Except for the pictures, output the records in full and exactly.

LISTED RECORDS section start

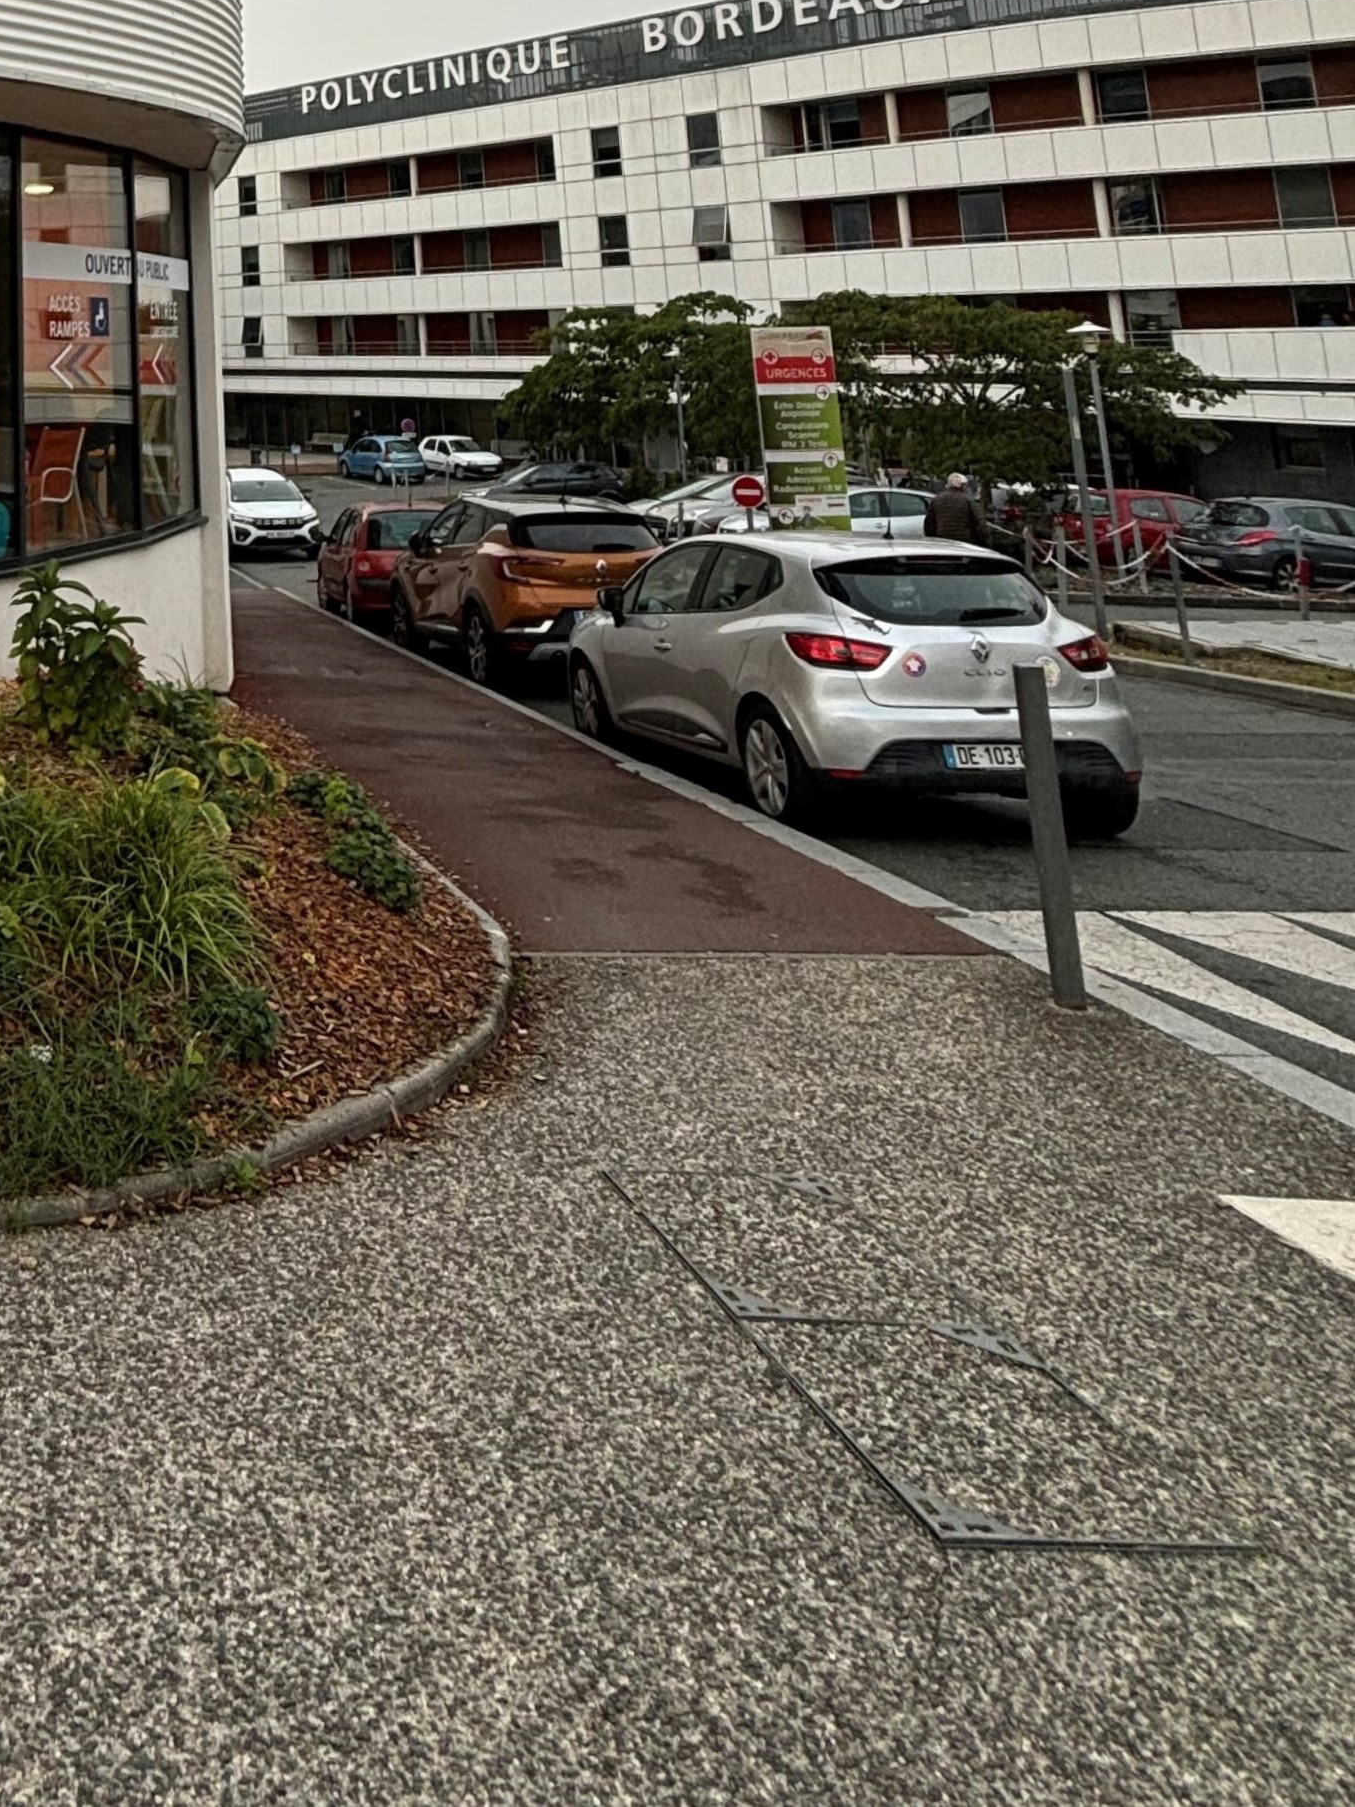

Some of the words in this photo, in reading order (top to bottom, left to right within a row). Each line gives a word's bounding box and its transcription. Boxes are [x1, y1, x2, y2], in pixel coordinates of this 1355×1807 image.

[300, 35, 571, 114] POLYCLINIQUE
[85, 253, 132, 277] OUVERT
[146, 260, 169, 281] PUBLIC
[49, 293, 81, 313] ACCÈS
[49, 321, 90, 338] RAMPES
[766, 367, 827, 379] URGENCES
[964, 669, 1007, 677] CLIO
[957, 746, 1025, 766] DE-103-
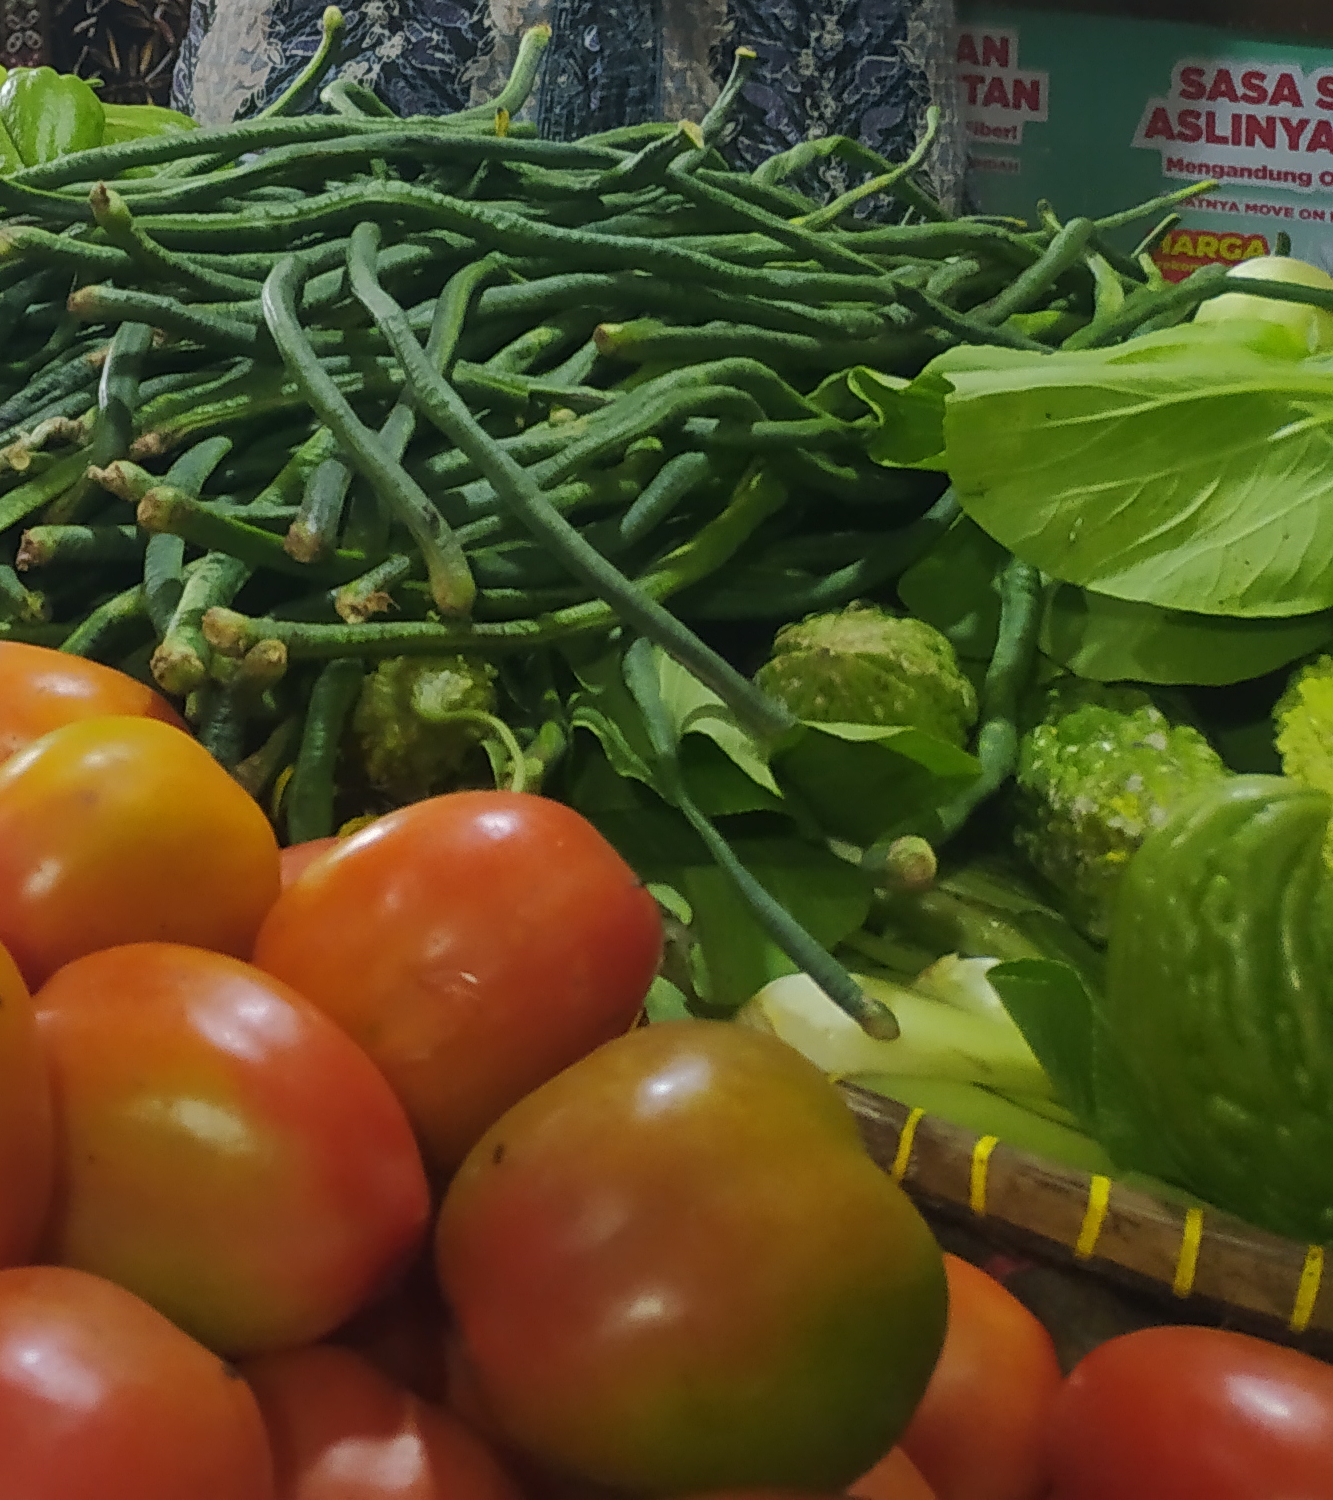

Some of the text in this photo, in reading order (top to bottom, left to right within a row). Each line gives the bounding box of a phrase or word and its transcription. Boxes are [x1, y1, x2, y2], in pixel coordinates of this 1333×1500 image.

[957, 33, 1010, 68] AN
[960, 74, 1041, 112] TAN
[1179, 66, 1333, 111] SASA S
[1144, 106, 1333, 154] ASLINYA
[1166, 157, 1313, 188] Mengandung
[1183, 197, 1326, 221] ATNYA MOVE ON

LISTED RECORDS section end

TASK OUTPUT:
Some of the words in this photo, in reading order (top to bottom, left to right within a row). Each line gives a word's bounding box and its transcription. Boxes are [x1, y1, x2, y2], in pixel coordinates of this 1355×1807 image.

[300, 35, 571, 114] POLYCLINIQUE
[85, 253, 132, 277] OUVERT
[146, 260, 169, 281] PUBLIC
[49, 293, 81, 313] ACCÈS
[49, 321, 90, 338] RAMPES
[766, 367, 827, 379] URGENCES
[964, 669, 1007, 677] CLIO
[957, 746, 1025, 766] DE-103-

Some of the text in this photo, in reading order (top to bottom, left to right within a row). Each line gives the bounding box of a phrase or word and its transcription. Boxes are [x1, y1, x2, y2], in pixel coordinates of this 1333×1500 image.

[957, 33, 1010, 68] AN
[960, 74, 1041, 112] TAN
[1179, 66, 1333, 111] SASA S
[1144, 106, 1333, 154] ASLINYA
[1166, 157, 1313, 188] Mengandung
[1183, 197, 1326, 221] ATNYA MOVE ON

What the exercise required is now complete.